Discovery into the Origin of Historian Expert Witnesses’ Opinions

As every trial lawyer in America knows, the Federal Rules of Civil Procedure were recently changed to protect expert witness draft reports and lawyer-expert witness communications from discovery.  See Rule 26. Duty to Disclose; General Provisions Governing Discovery (amended effective December 2010).

In particular, Rule 26(b) (4)(B), and (C) provides:

(4)(B) Trial-Preparation Protection for Draft Reports or Disclosures. Rules 26(b)(3)(A) and (B) protect drafts of any report or disclosure required under Rule 26(a)(2), regardless of the form in which the draft is recorded.

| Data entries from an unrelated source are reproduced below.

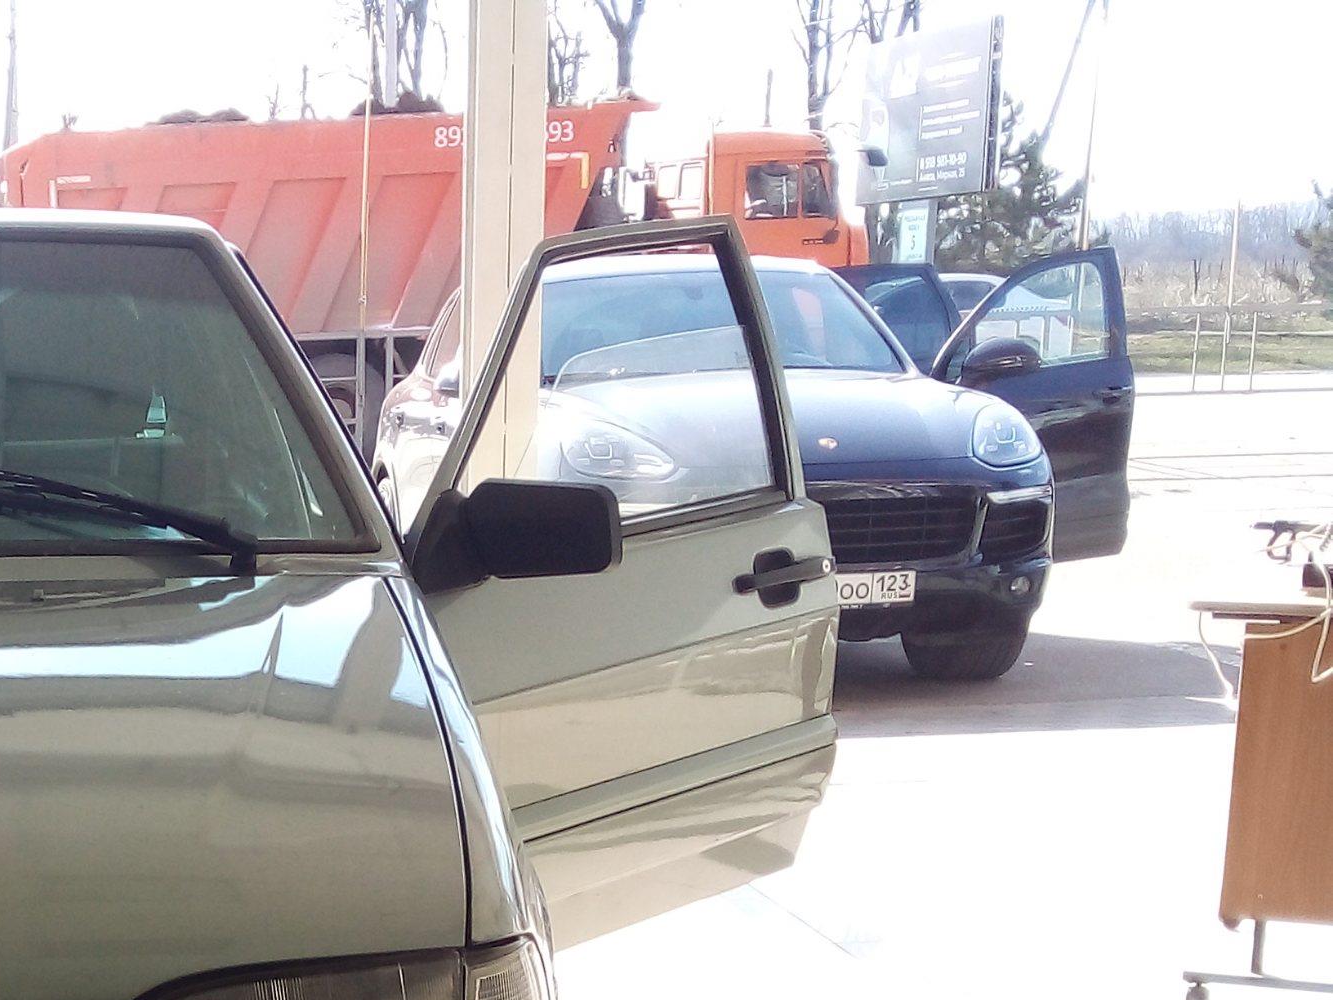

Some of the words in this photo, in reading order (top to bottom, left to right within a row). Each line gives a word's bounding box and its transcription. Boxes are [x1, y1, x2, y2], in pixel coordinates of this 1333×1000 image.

[835, 580, 870, 599] ОО
[876, 574, 910, 592] 123
[881, 592, 898, 600] RUS
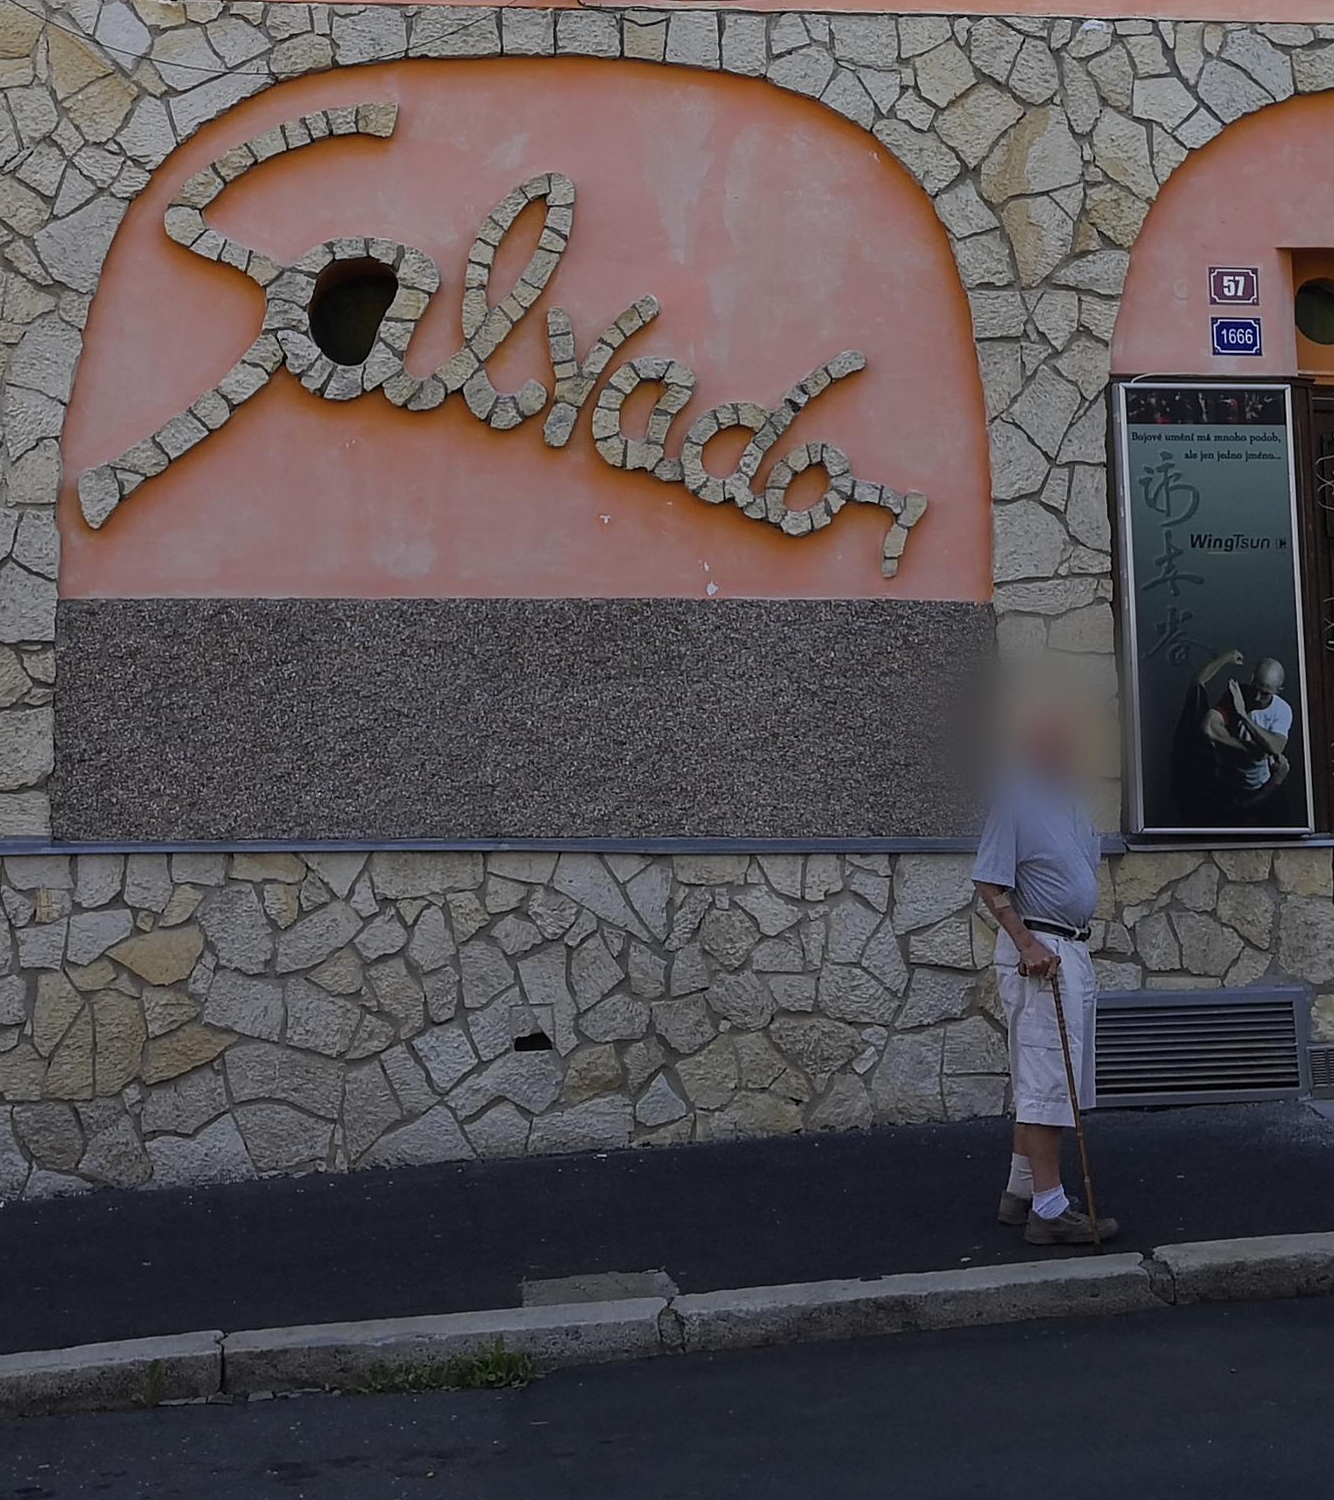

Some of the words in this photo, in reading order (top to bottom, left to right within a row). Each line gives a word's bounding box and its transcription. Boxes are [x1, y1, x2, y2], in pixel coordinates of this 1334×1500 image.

[1222, 275, 1245, 296] 57
[78, 101, 929, 578] Salvador
[1221, 328, 1254, 344] 1666
[1131, 431, 1162, 444] Bojové
[1196, 432, 1212, 441] má
[1214, 431, 1247, 441] mnoho
[1249, 431, 1282, 445] podob,
[1184, 449, 1198, 460] ale
[1200, 450, 1214, 462] jen
[1217, 449, 1243, 462] jedno
[1190, 533, 1270, 552] WingTsun

(C) Trial-Preparation Protection for Communications Between a Party’s Attorney and Expert Witnesses. Rules 26(b)(3)(A) and (B) protect communications between the party’s attorney and any witness required to provide a report under Rule 26(a)(2)(B), regardless of the form of the communications, except to the extent that the communications:

(i) relate to compensation for the expert’s study or testimony;

(ii) identify facts or data that the party’s attorney provided and that the expert considered in forming the opinions to be expressed; or

(iii) identify assumptions that the party’s attorney provided and that the expert relied on in forming the opinions to be expressed.

In some ways, this amendment was a retrograde step.  Although protecting drafts and communications from discovery helps ease the expense and inconvenience of working with expert witnesses, the amendment also serves to protect unscrupulous lawyers and expert witnesses who work in concert to present tendentious opinions.

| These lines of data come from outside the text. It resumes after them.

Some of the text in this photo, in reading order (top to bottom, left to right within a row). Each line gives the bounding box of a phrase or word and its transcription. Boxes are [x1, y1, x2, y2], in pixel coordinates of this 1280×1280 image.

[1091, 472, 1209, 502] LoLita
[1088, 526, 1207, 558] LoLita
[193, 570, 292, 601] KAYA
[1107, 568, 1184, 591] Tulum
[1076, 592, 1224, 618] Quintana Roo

In the sciences, tendentious opinions will ultimately be embarrassed by future facts, but in the field of history, the interpretative narratives are often unfalsifiable and malleable.  Discovery into the creative process of historian expert witnesses’ opinions needs to be complete and thorough.

Consider the consider the case of Barry Castleman, who has testified for decades for the asbestos litigation industry, on historical issues in asbestos personal injury cases.  Back in 1986, when Castleman was still “researching” his opinions, he received a letter from plaintiffs’ lawyer, Tom Hart:

 

Mr. Barry Castleman                                                                                   January 9, 1986
1722 Linden Avenue
Baltimore, Maryland 21217

RE: Kenneth Lynch

Dear Barry:

As a follow-up to our conversation on January 6, 1986, I have reviewed our files and find that we do not have a file on Kenneth Lynch. Apparently I was provided with some of these papers indirectly. I seem to recall that the attorneys from California came to South Carolina and conducted the search for Kenneth Lynch’s papers.

We have not been eager to pursue this due to our understanding that Dr. Lynch was not convinced that asbestos was a cause of cancer. Despite his earlier publications, he remained personally reluctant to state that asbestos was causally related to the formation of cancers until some time in the late 1950’s or early 1960’s. This indecision on his part would be contrary to our best interests in the asbestos litigation and, accordingly, we have discouraged other counsel from exploring this further.

Since we do not have the specific documents you need, perhaps Marcia Hughes could provide them to you from Dick Gerry’s office in San Diego.

With best regards, I am

Very truly yours,

Thomas H. Hart, III

 

Dr. Lynch was a well-known South Carolina pathologist, who, along with Dr. William Smith, published a case report of lung cancer in a patient with asbestosis.  See Kenneth M. Lynch & William A. Smith, “Pulmonary asbestosis III: carcinoma of lung in asbestosilicosis,” 23 Am. J. Cancer 56 (1935).  Plaintiffs’ counsel were eager to over interpret this case report as showing an association, which was beyond the ability of a single, uncontrolled case to do.

The new Rule can be seen to have a few holes in it.  Discovery is permitted into facts or data provided by counsel, and which were considered by the expert witness.  Discovery is also permitted into the identity of assumptions given by the directing counsel, and relied upon by the expert witness.  The letter from Hart to Castleman above, however, illustrates that important insights may result from suggestions, implicit or explicit, not to look at certain facts.